Schaut man in die nahe Zukunft, so sind die direkten Auswirkungen der SARS-CoV-2-Pandemie auf das Medizinstudium weltweit immer noch schwer abschätzbar. Eine Befragung unter Medizinstudierenden in den USA zeigt, dass gut 20 % der Befragten glauben, dass die Pandemie die Auswahl der späteren medizinischen Fachdisziplin beeinflusst [3]. Dies liegt u. a. daran, dass die Studierenden einige Fachgebiete pandemiebedingt gar nicht richtig kennenlernen können. Inwieweit sich dies auf den Ärztinnen- und Ärztemangel in bestimmten Fachgebieten in Deutschland auswirken wird, bleibt abzuwarten.

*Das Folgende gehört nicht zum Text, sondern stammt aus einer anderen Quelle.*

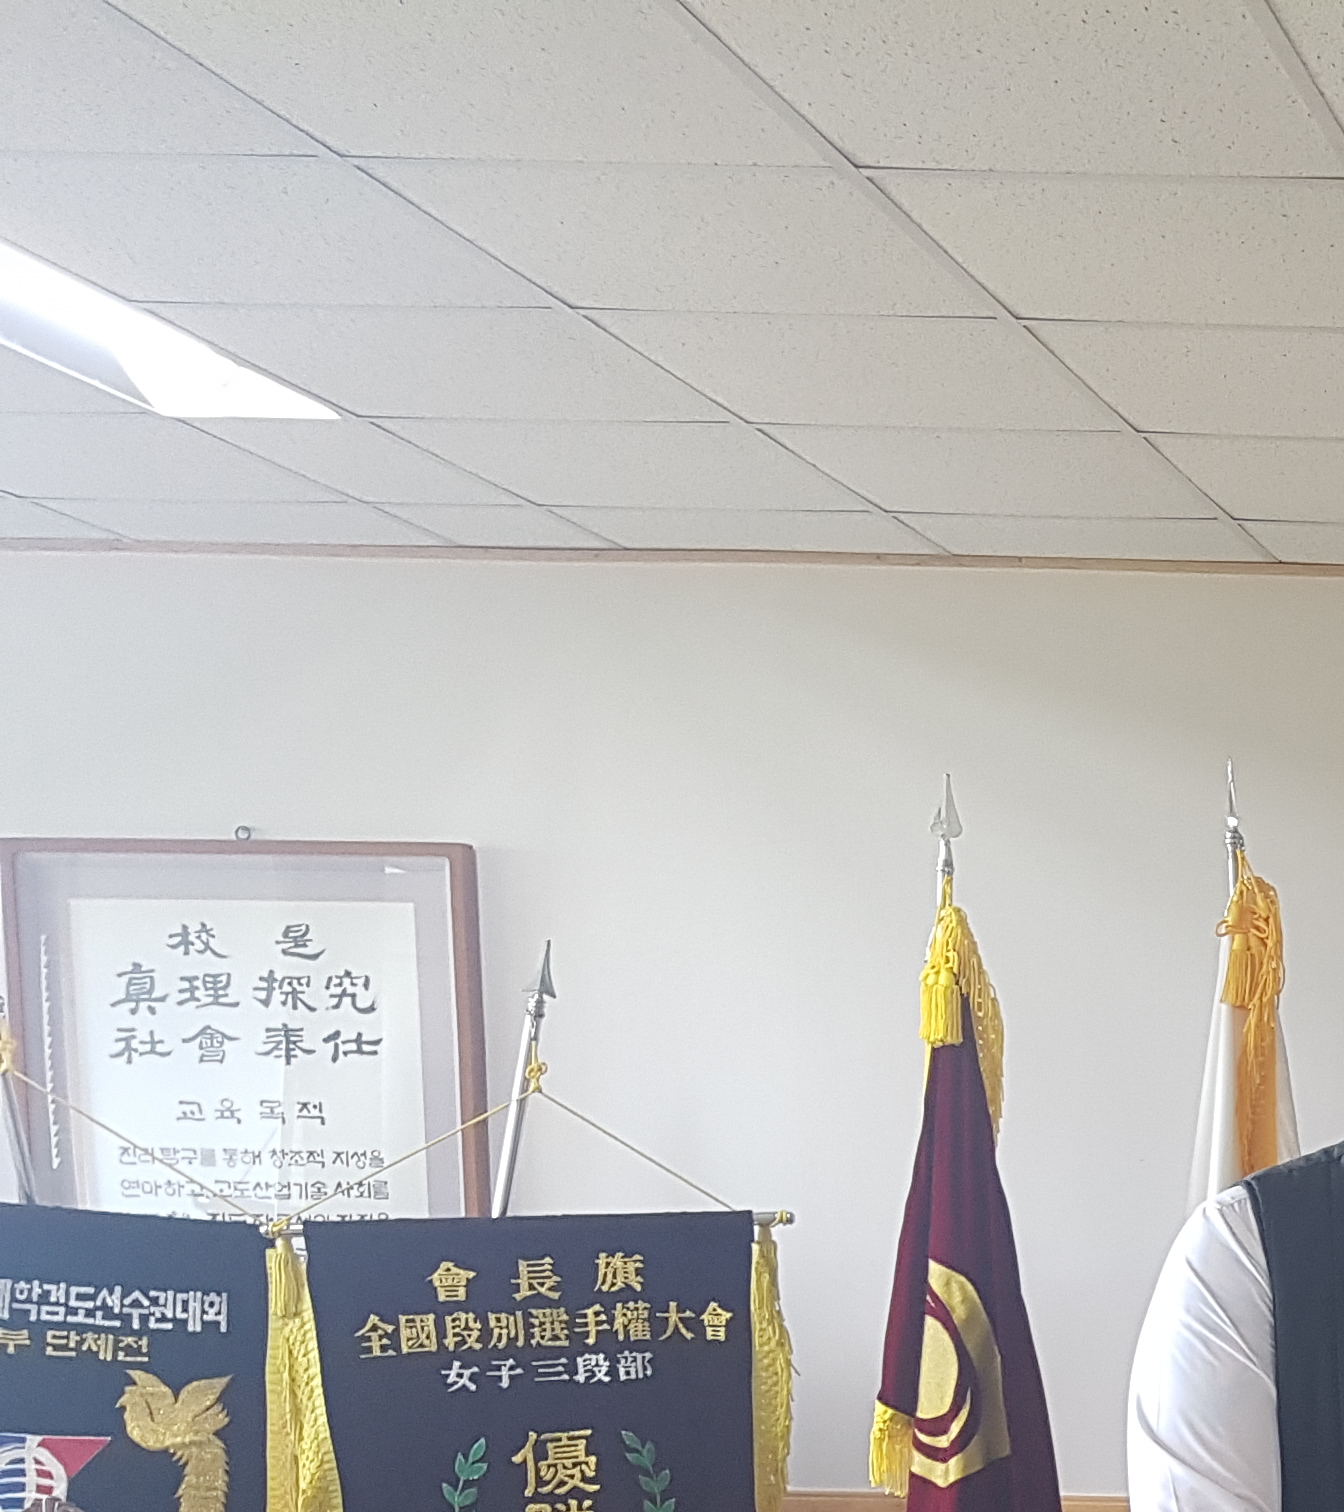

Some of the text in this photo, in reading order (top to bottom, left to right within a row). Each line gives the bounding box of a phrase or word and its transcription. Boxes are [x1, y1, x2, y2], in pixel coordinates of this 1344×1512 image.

[175, 1098, 326, 1126] 교육 목적
[425, 1251, 645, 1303] 會長旗
[45, 1329, 149, 1362] 단체전
[440, 1350, 654, 1393] 女子三段部

Gerade die Studierenden der höheren Fachsemester fühlen sich entsprechend einer Befragung in Großbritannien bezüglich des fließenden Übergangs in den Arztberuf schlechter vorbereitet [4] oder gar durch angepasste Prüfungen im Zuge der Pandemie zu schnell in den Beruf gedrängt [10]. Bei der Wiederaufnahme des Studienbetriebs sollten die Meinungen der Studierenden daher bereits bei der Konzeption eines ggf. angepassten Lehrplans berücksichtigt werden [5]. Dies betrifft auch Studierende der unteren Semester, die nun vielleicht im Hinblick auf die künftigen Staatsexamina wesentliche praktische Inhalte nicht vollumfänglich erlernen konnten. Hier gilt es, nicht nur in Leipzig zu klären, ob und wie in den kommenden Monaten freiwillige Zusatzangebote oder Refresher-Kurse angeboten werden können, um die evtl. im Rahmen der Pandemie entstandenen Defizite auszugleichen.

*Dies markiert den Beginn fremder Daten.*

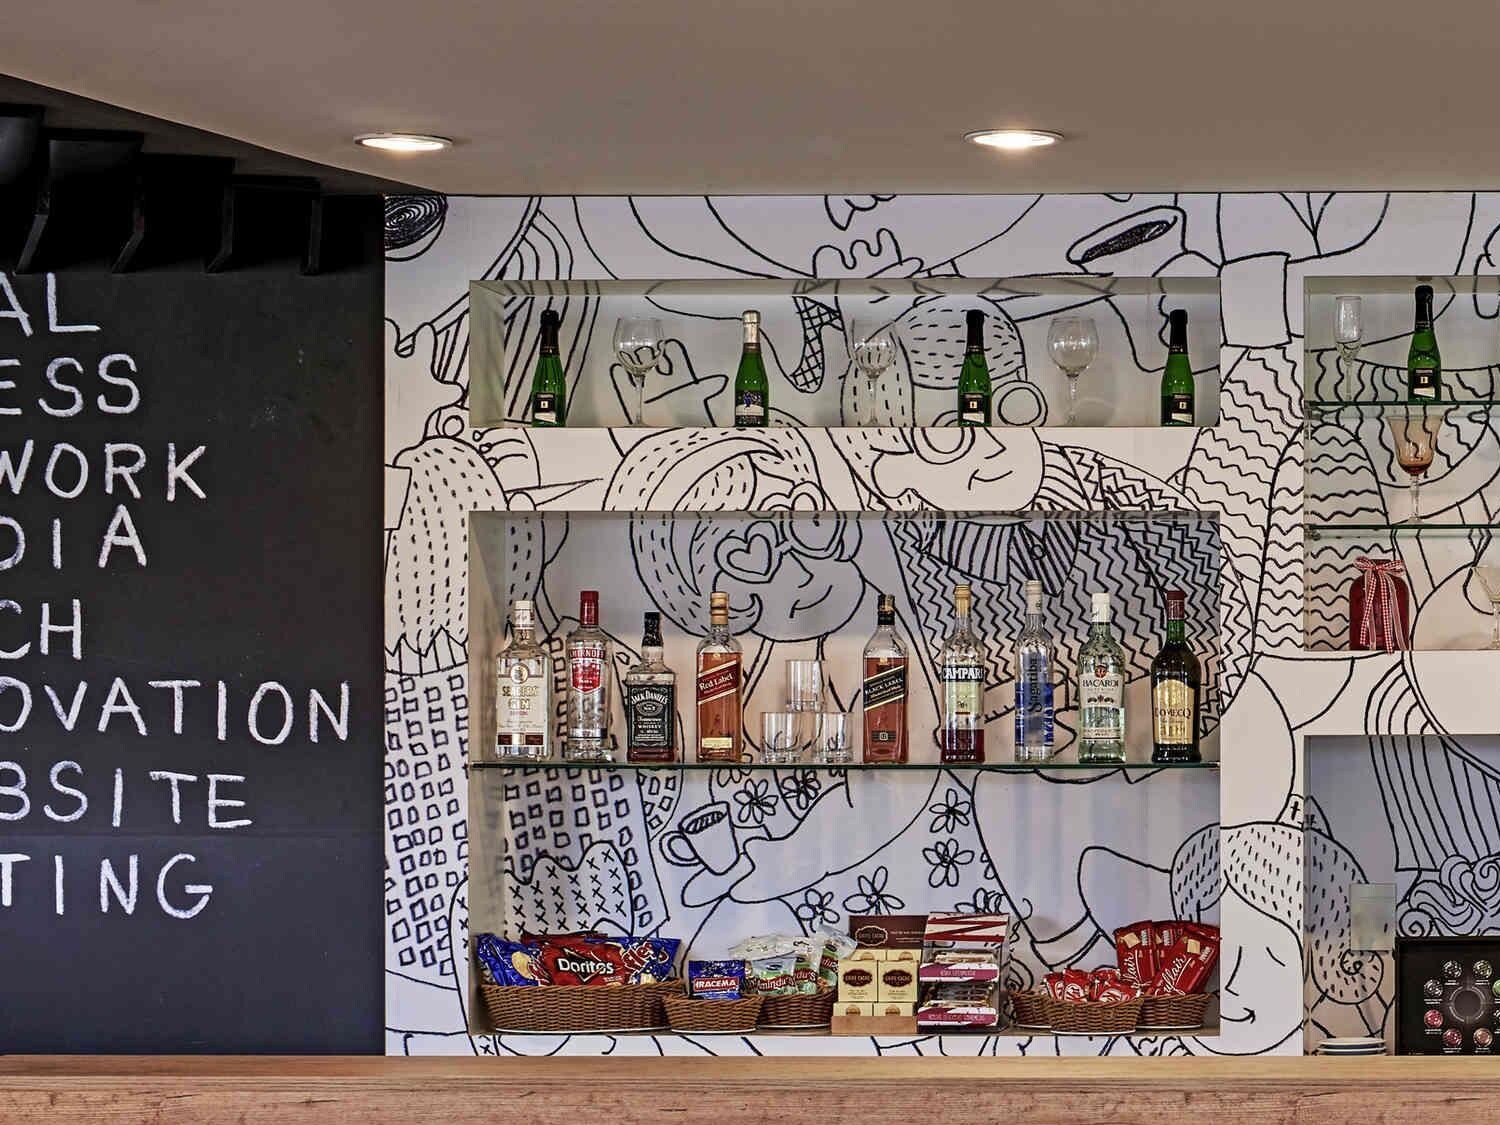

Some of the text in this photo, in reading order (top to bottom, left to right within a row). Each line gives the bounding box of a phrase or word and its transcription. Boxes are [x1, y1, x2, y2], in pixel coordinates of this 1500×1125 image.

Trotz allem hat die SARS-CoV-2-Pandemie dazu geführt, dass lange bestehende Hürden der Digitalisierung überwunden werden konnten und es so zu einem deutlichen Sprung nach vorn gekommen ist. Dieser Umstand wird sich unserer Ansicht nach auch noch in den kommenden Monaten und Jahren weiter positiv auf die Entwicklung des Medizinstudiums auswirken. Sowohl die digitale Weiterentwicklung der Lehrveranstaltungen als auch die Auswirkungen der Pandemie auf die Absolventen sollten in künftigen Untersuchungen näher beleuchtet werden.

Fazit für die Praxis

  • Die SARS-CoV-2-Pandemie stellte die studentische Lehre vor große Herausforderungen. Sie half gleichzeitig aber auch, oft lange bestehende Hürden zu überwinden und der Digitalisierung der Lehre nochmals einen deutlichen Schub nach vorn zu geben.

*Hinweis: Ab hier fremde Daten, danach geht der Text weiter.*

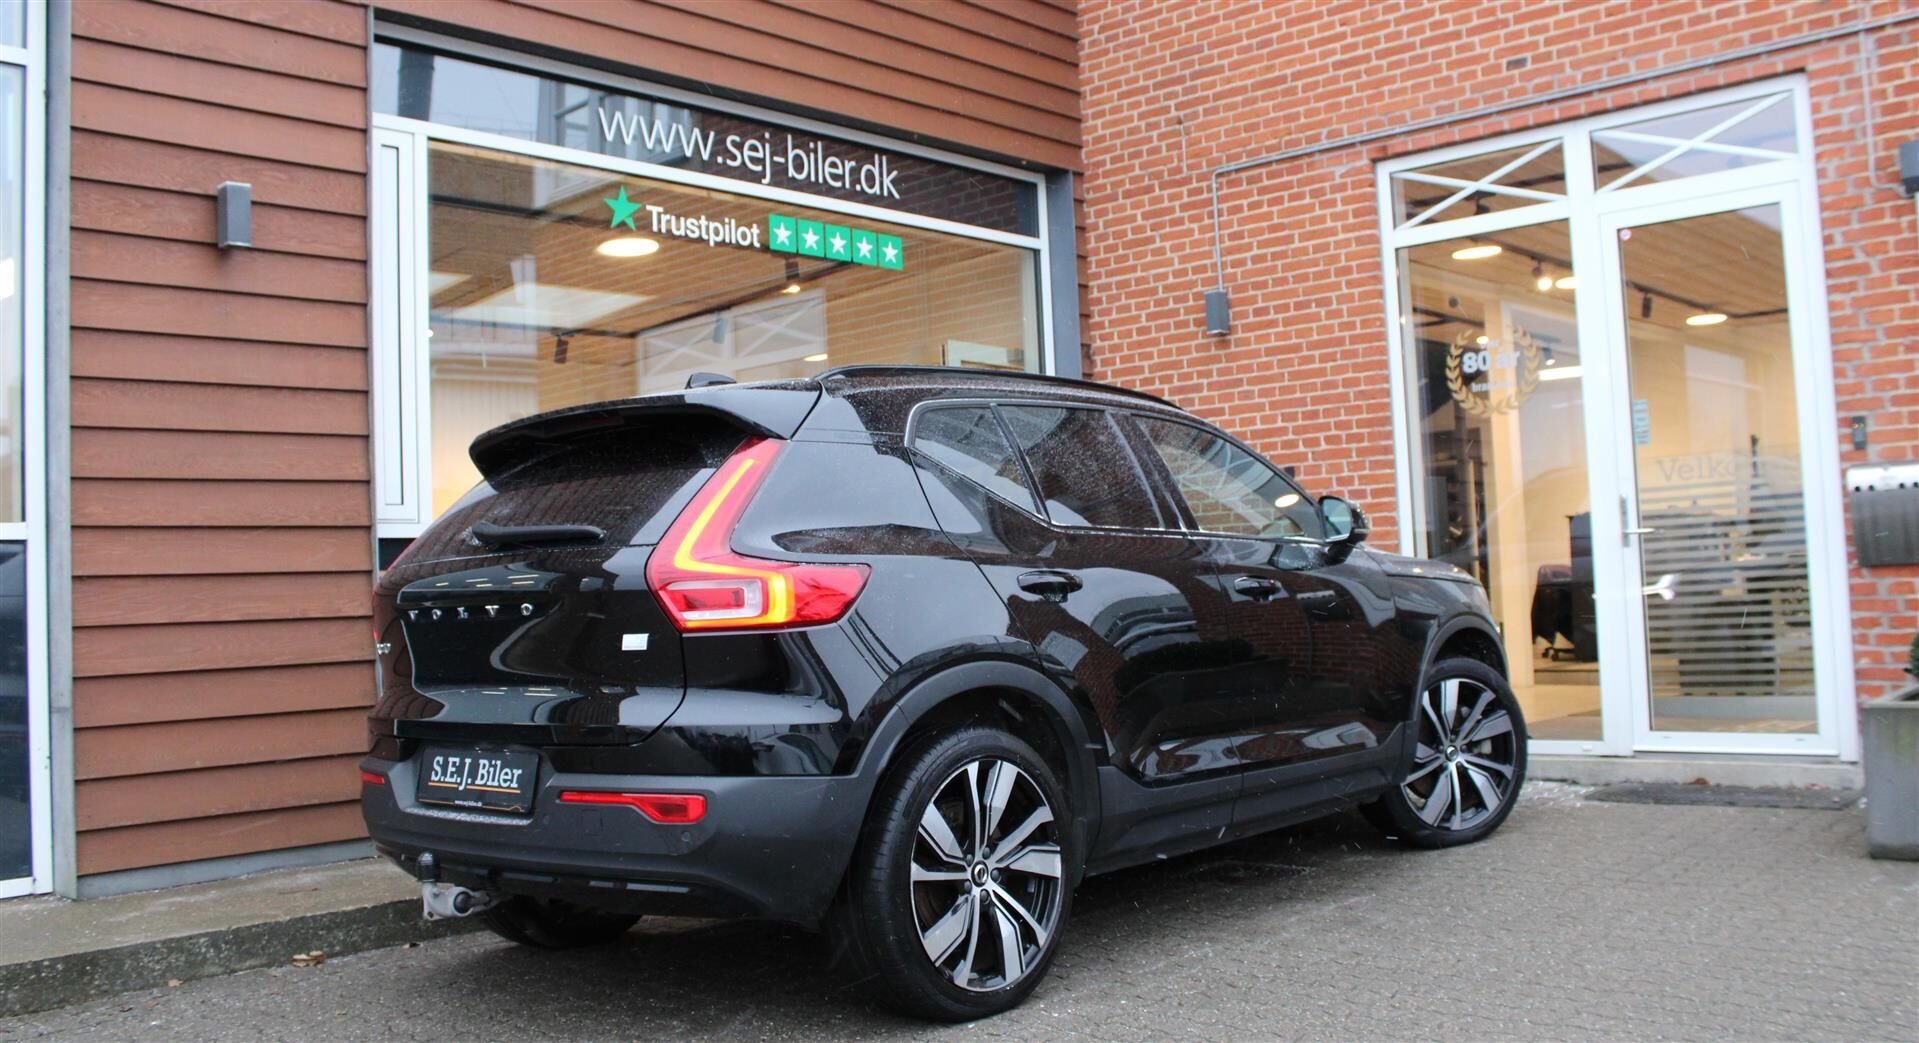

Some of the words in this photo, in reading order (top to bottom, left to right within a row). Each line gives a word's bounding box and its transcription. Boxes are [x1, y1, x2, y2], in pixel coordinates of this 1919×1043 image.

[598, 107, 899, 199] www.sej-biler.dk
[646, 204, 760, 248] Trustpilot
[1462, 351, 1491, 374] 80
[408, 603, 533, 620] VOLVO
[430, 756, 472, 791] S.E.J.
[475, 759, 522, 788] Biler

  • Vorlesungen lassen sich auch langfristig gut digital abbilden. Hierbei sollten Lösungen mit der Möglichkeit der direkten Interaktion zwischen Studierenden und Lehrenden bevorzugt werden.

  • Veranstaltungen mit direktem Patientenkontakt können gerade in Bezug auf den Erwerb praktischer Kompetenzen digital nicht in Gänze abgebildet werden und sollten frühestmöglich wieder in Präsenz stattfinden. Eine Unterstützung durch digitale Inhalte im Rahmen eines Flipped-Classroom-Konzeptes kann jedoch eine sinnvolle Ergänzung darstellen.

  • Die Präferenzen und Sorgen der Studierenden sollten in den kommenden Monaten bei der weiteren Überarbeitung der Curricula von Anfang an mitberücksichtigt werden.